Goal of the exercise: When you transcribe the entries below, keep the wording exact and omit the pictures.

Input for this task:
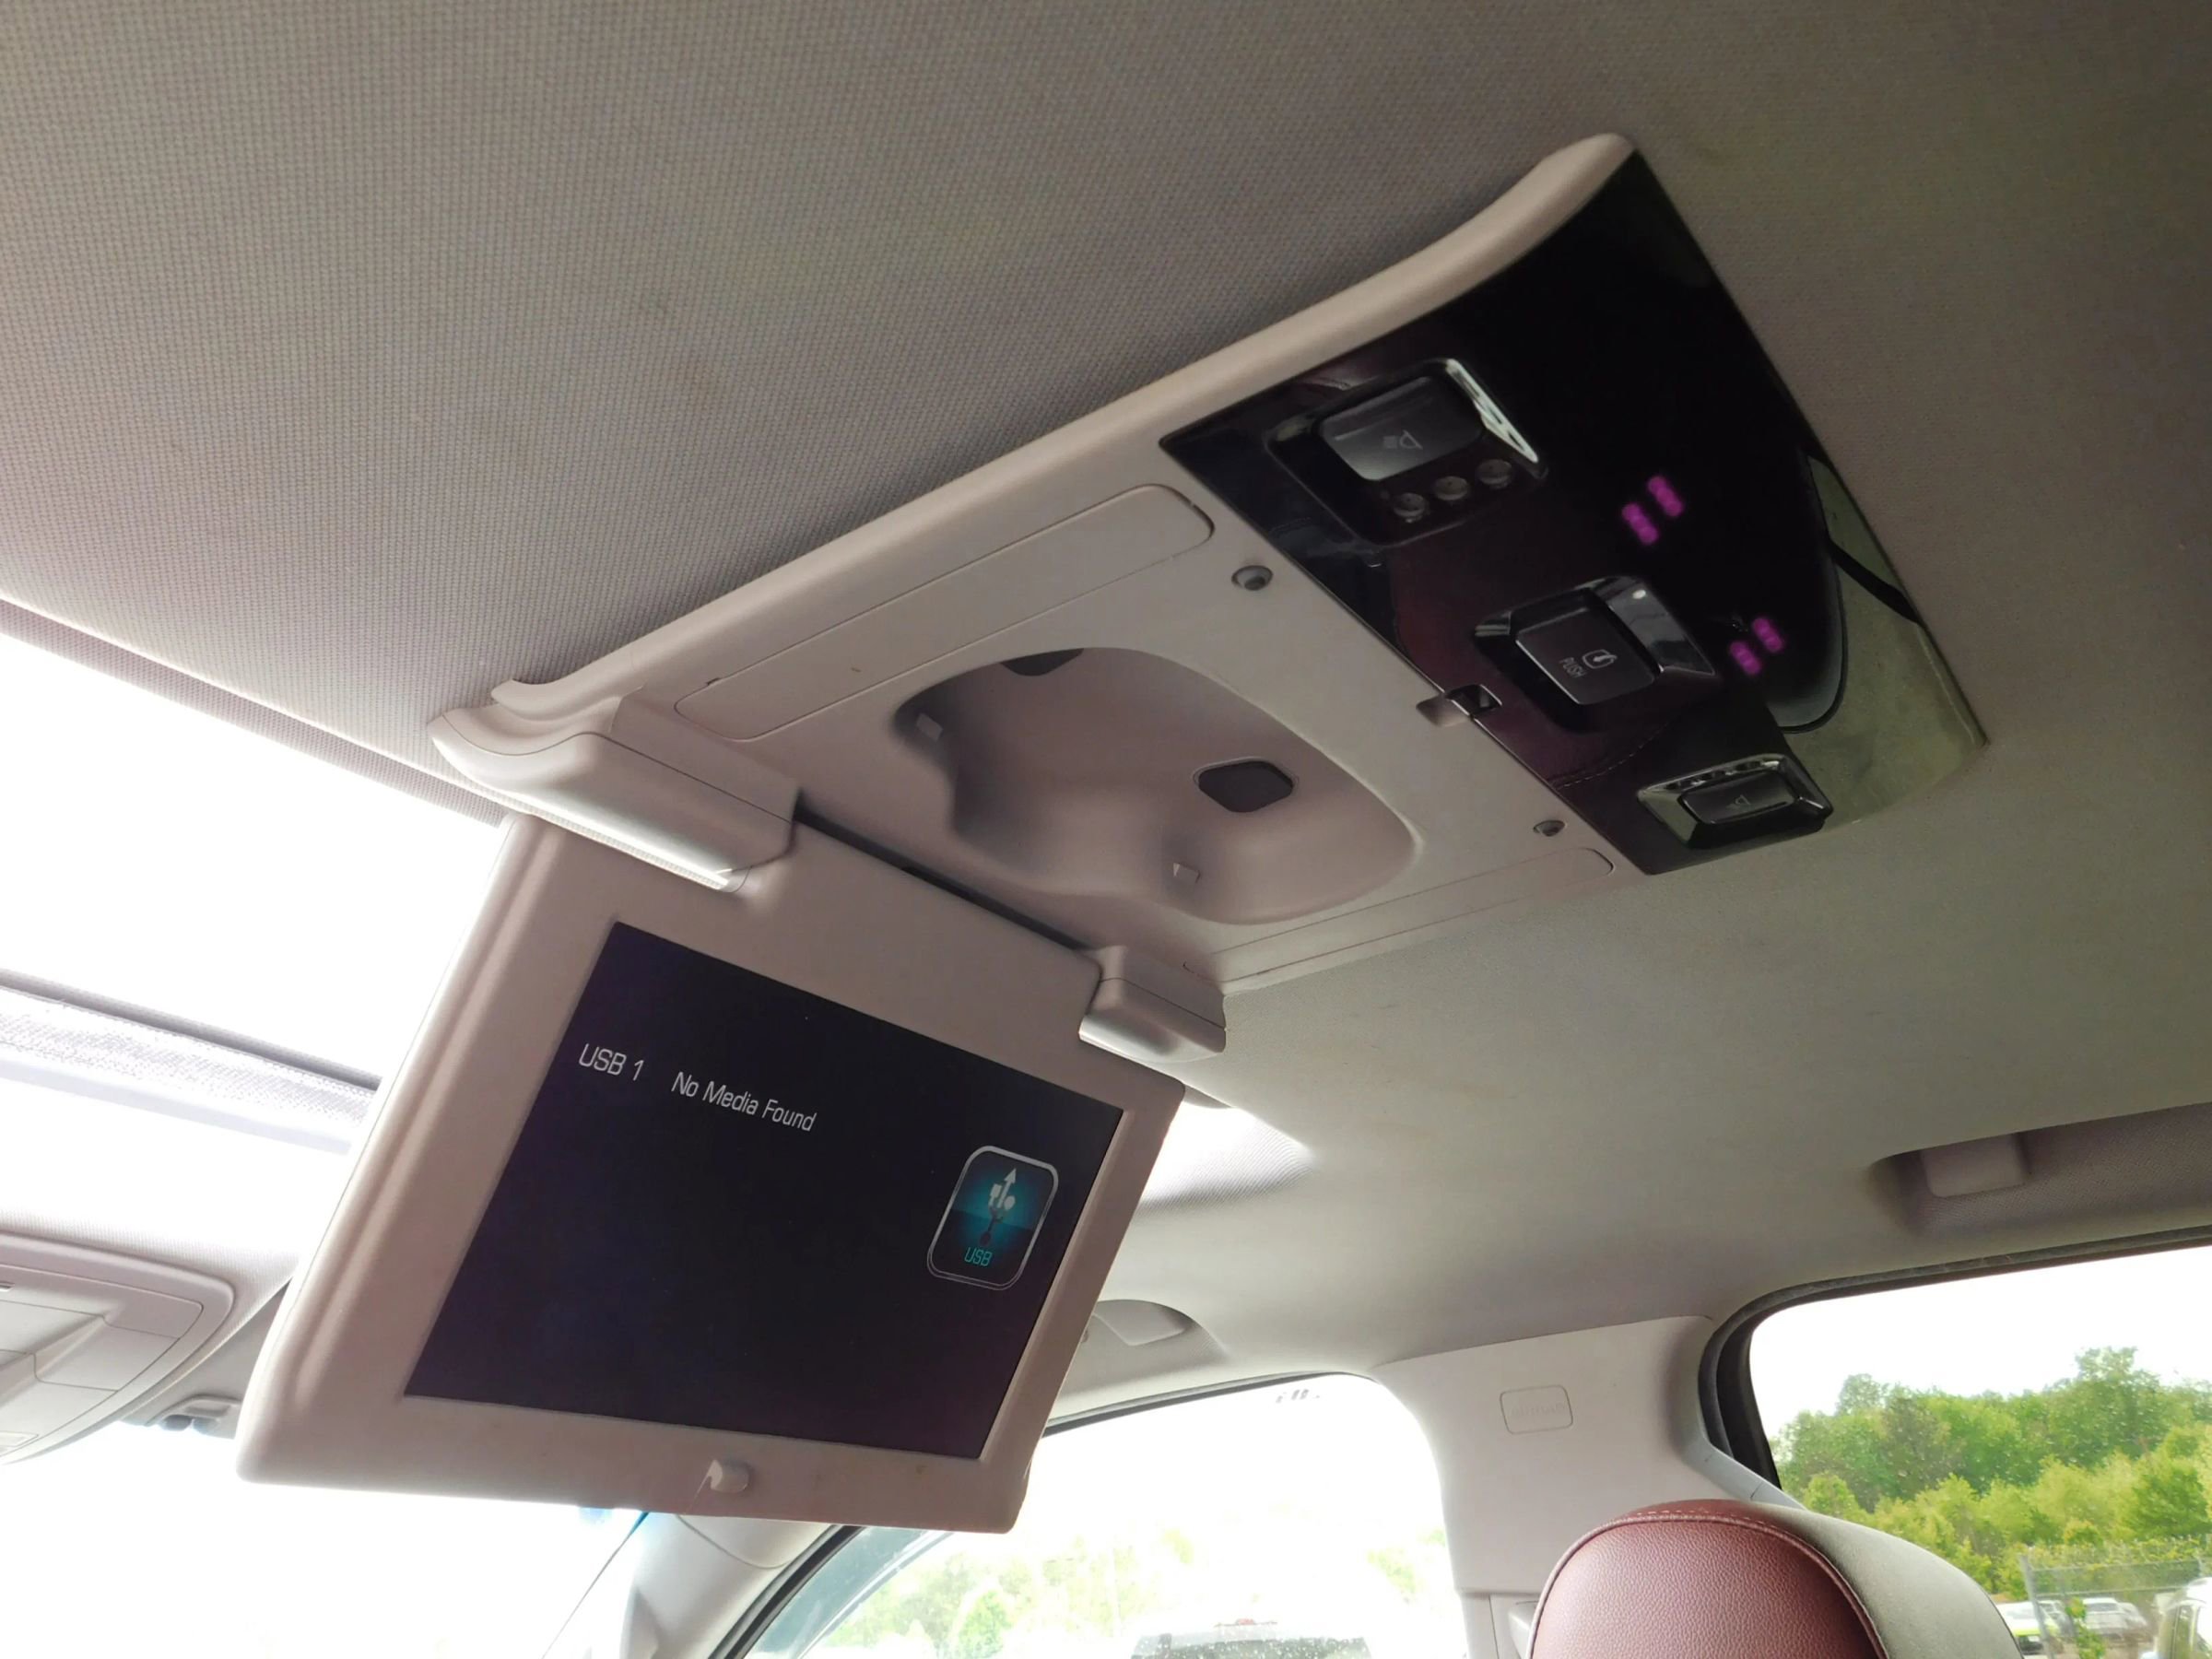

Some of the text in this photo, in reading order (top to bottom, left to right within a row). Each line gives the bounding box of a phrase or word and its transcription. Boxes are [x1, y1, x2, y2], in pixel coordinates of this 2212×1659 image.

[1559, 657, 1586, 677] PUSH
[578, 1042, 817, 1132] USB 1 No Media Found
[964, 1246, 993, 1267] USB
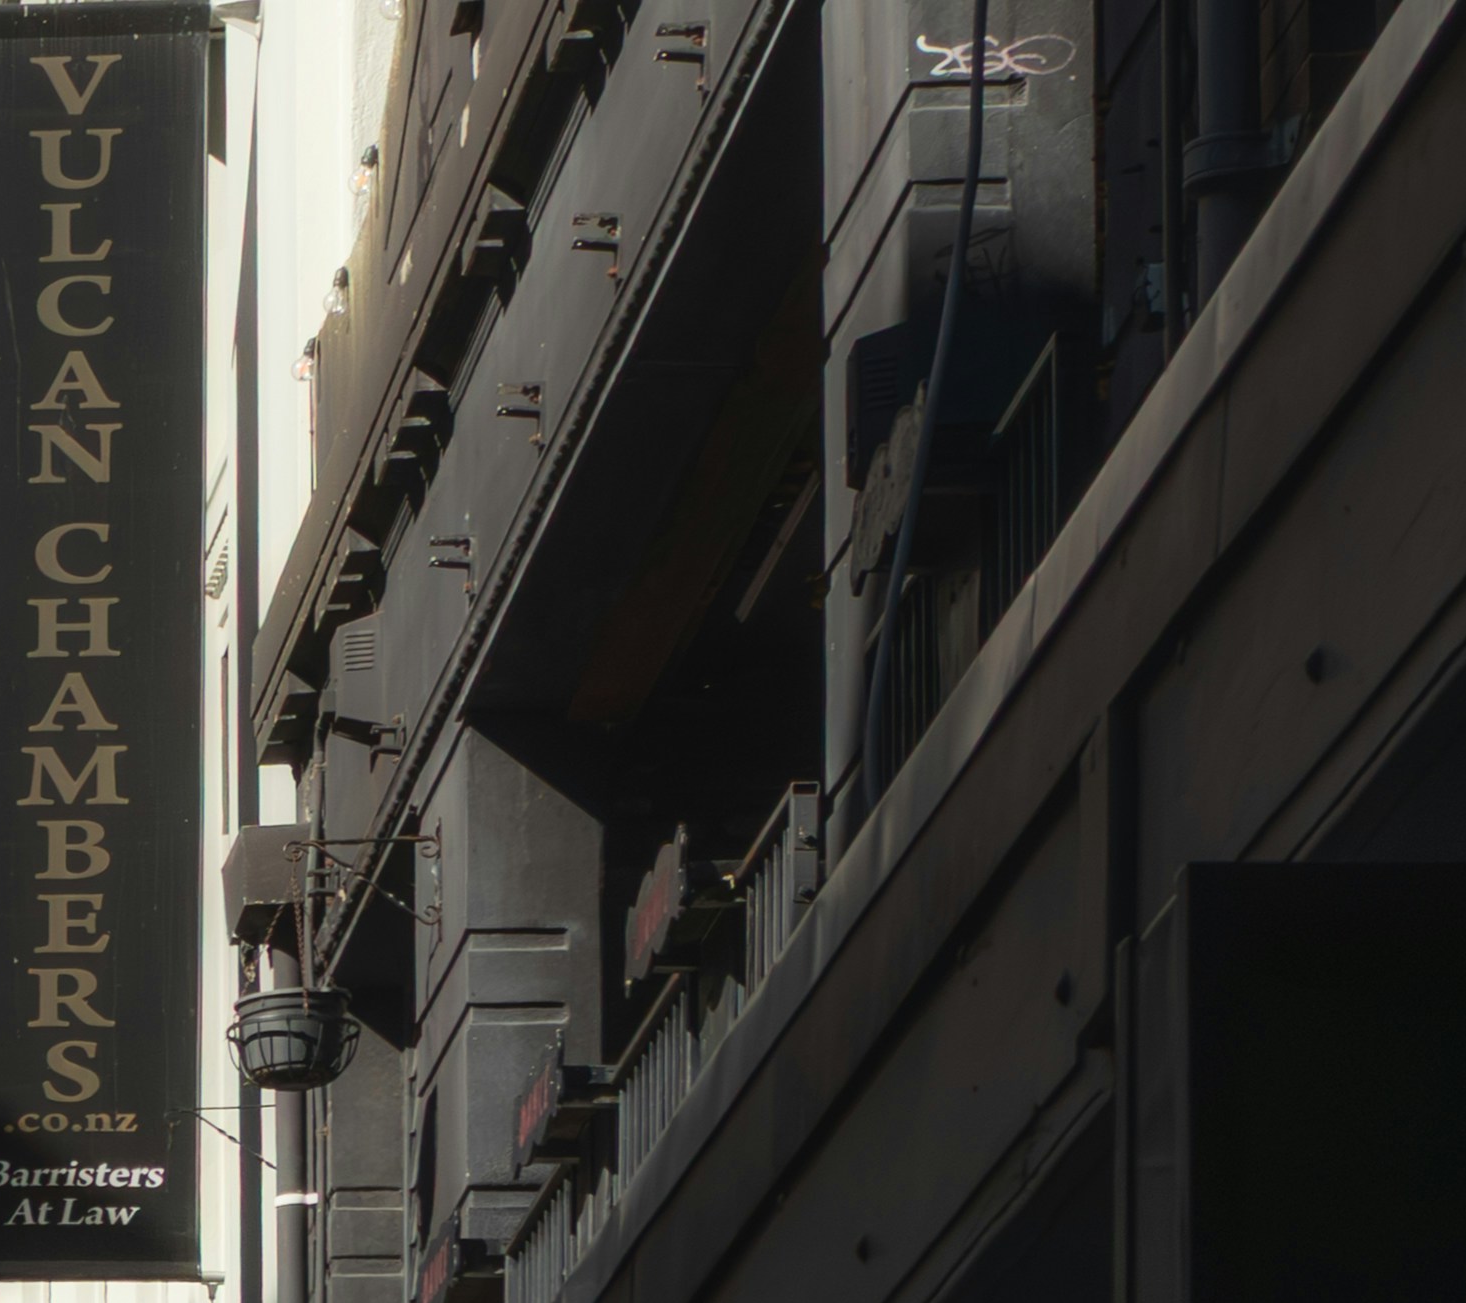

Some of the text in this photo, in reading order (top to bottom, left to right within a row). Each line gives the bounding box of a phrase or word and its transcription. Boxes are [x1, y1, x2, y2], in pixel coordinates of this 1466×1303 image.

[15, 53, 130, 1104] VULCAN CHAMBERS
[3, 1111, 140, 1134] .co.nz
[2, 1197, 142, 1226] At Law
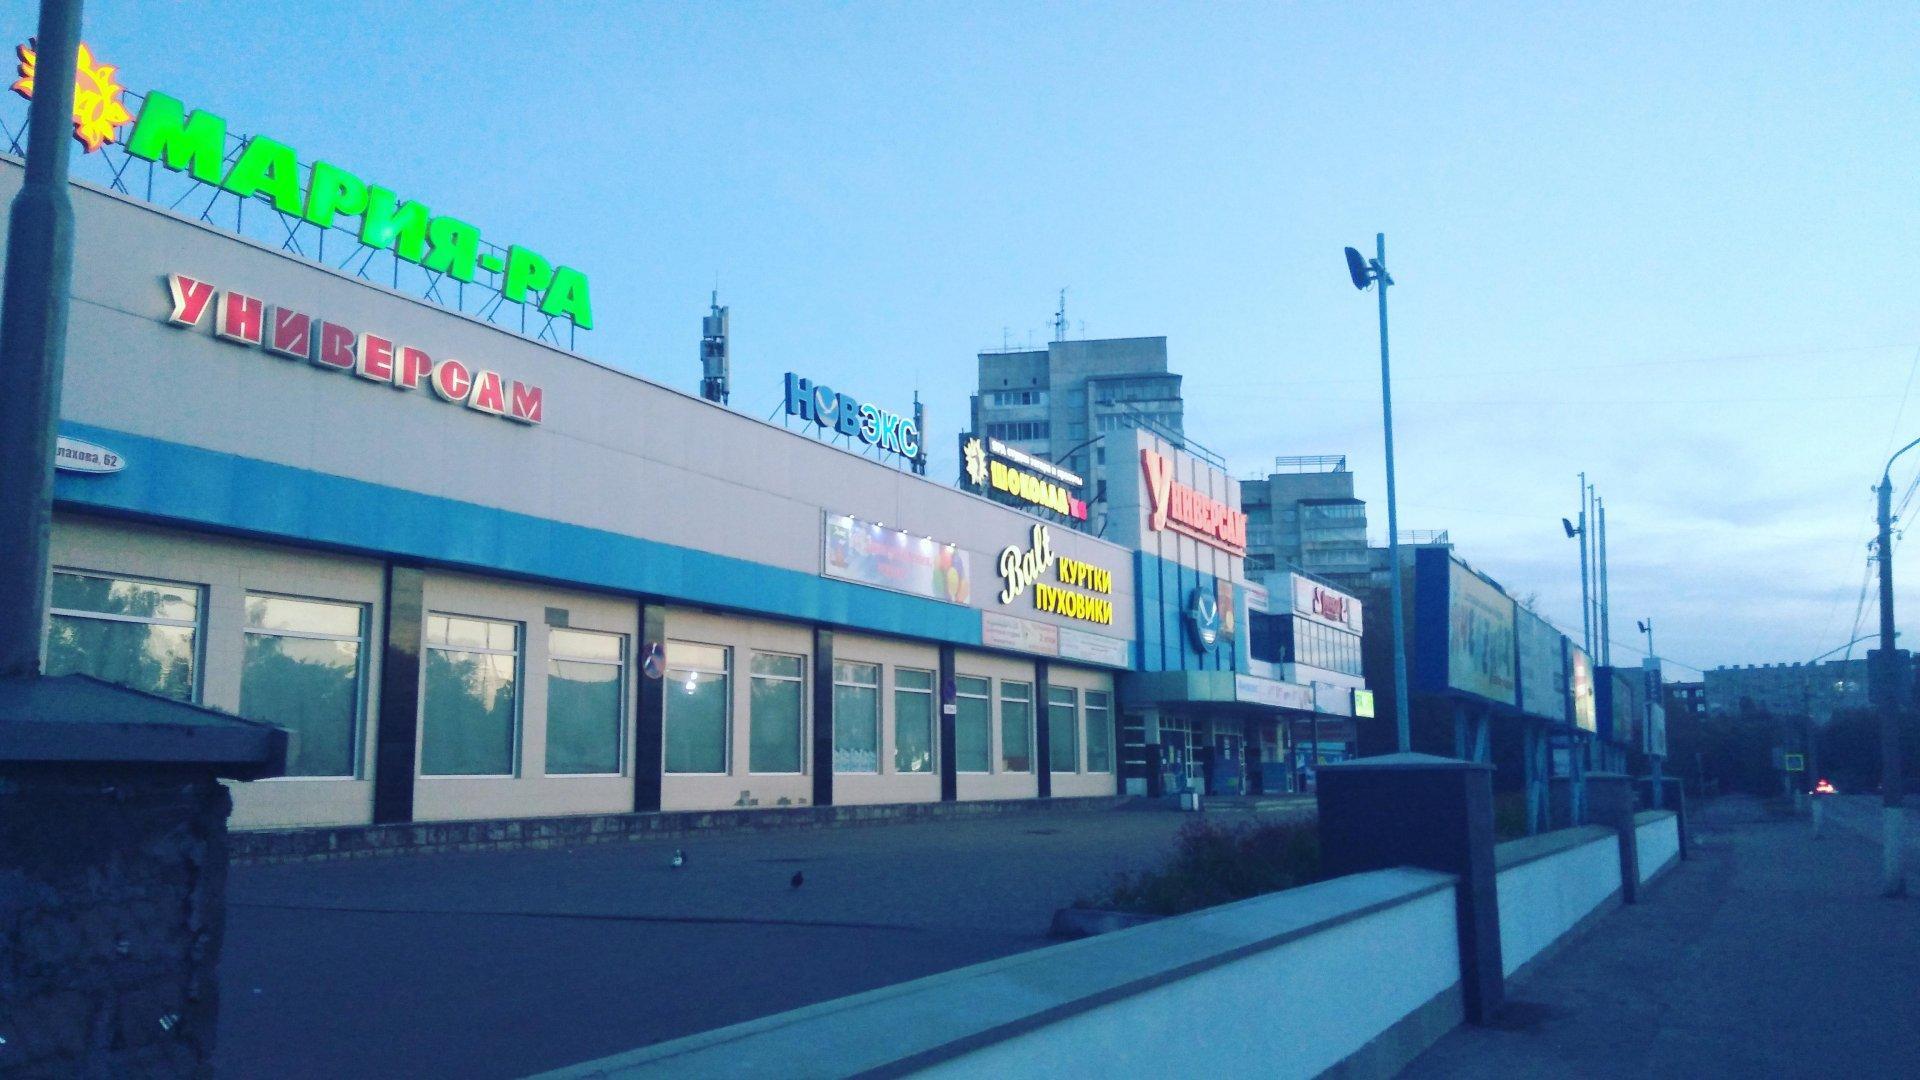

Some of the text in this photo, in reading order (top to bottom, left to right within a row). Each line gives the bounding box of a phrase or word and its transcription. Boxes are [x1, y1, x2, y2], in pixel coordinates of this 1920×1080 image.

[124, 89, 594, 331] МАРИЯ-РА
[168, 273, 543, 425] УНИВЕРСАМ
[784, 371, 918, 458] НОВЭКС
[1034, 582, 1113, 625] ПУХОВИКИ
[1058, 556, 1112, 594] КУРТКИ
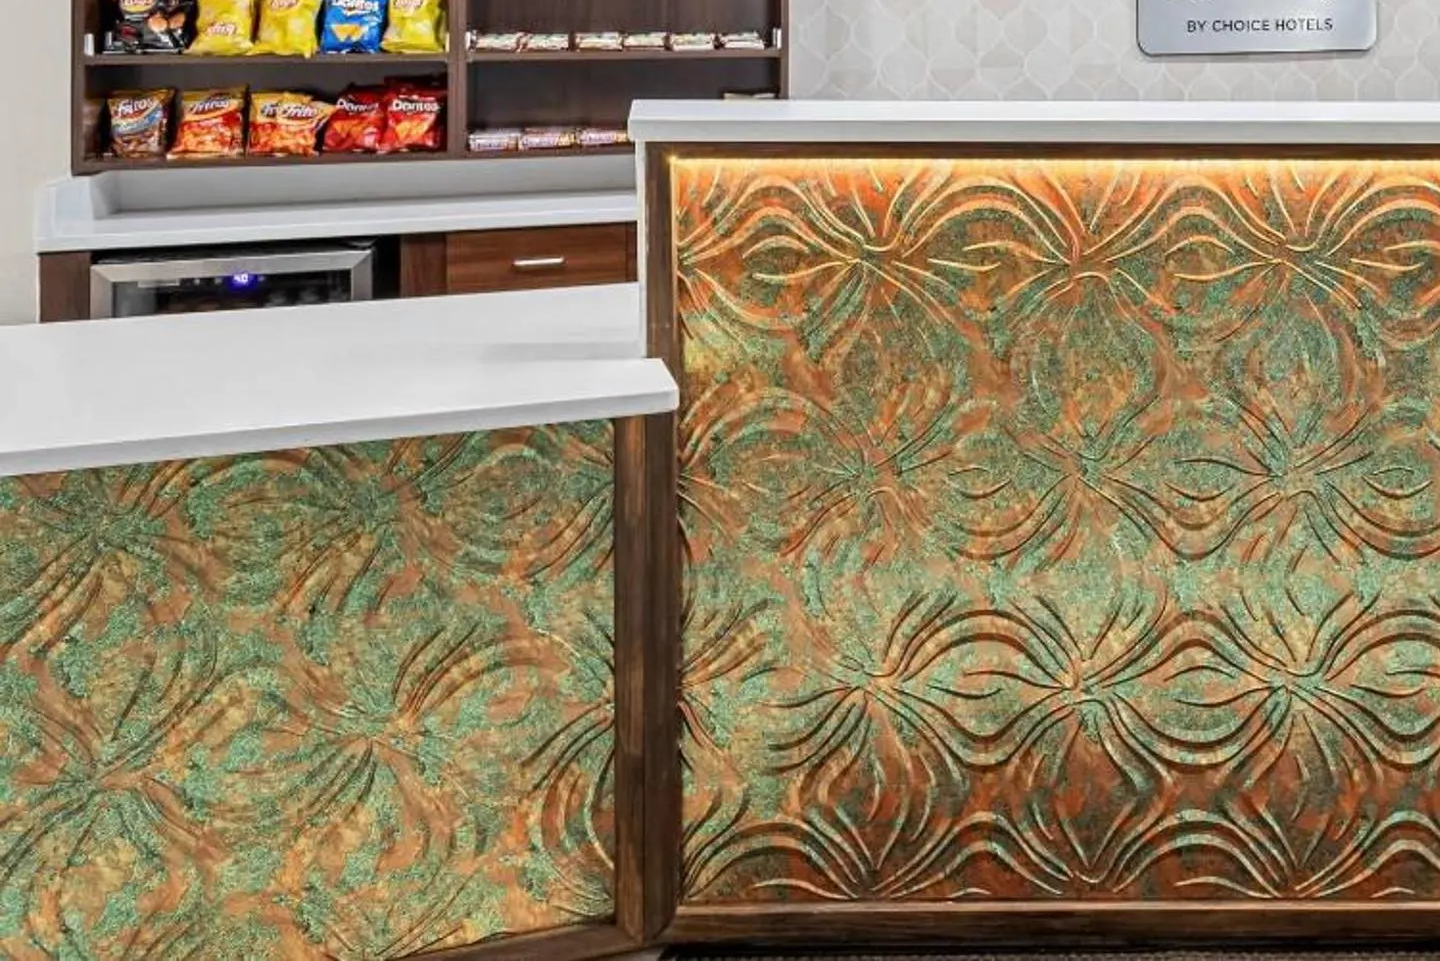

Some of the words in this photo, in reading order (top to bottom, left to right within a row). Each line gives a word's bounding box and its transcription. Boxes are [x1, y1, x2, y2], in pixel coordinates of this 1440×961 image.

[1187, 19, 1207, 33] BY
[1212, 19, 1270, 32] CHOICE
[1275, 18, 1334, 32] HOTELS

Expected answer:
Some of the text in this photo, in reading order (top to bottom, left to right within a row). Each line gives the bounding box of a phrase or word and its transcription. Boxes are [x1, y1, x2, y2], in pixel coordinates of this 2212×1659 image.

[1559, 657, 1586, 677] PUSH
[578, 1042, 817, 1132] USB 1 No Media Found
[964, 1246, 993, 1267] USB

Some of the text in this photo, in reading order (top to bottom, left to right within a row). Each line gives the bounding box of a phrase or word and its transcription. Boxes are [x1, y1, x2, y2], in pixel coordinates of this 1466×1303 image.

[15, 53, 130, 1104] VULCAN CHAMBERS
[3, 1111, 140, 1134] .co.nz
[2, 1197, 142, 1226] At Law

Some of the text in this photo, in reading order (top to bottom, left to right within a row). Each line gives the bounding box of a phrase or word and its transcription. Boxes are [x1, y1, x2, y2], in pixel coordinates of this 1920×1080 image.

[124, 89, 594, 331] МАРИЯ-РА
[168, 273, 543, 425] УНИВЕРСАМ
[784, 371, 918, 458] НОВЭКС
[1034, 582, 1113, 625] ПУХОВИКИ
[1058, 556, 1112, 594] КУРТКИ

Some of the words in this photo, in reading order (top to bottom, left to right within a row). Each line gives a word's bounding box and its transcription. Boxes are [x1, y1, x2, y2], in pixel coordinates of this 1440×961 image.

[1187, 19, 1207, 33] BY
[1212, 19, 1270, 32] CHOICE
[1275, 18, 1334, 32] HOTELS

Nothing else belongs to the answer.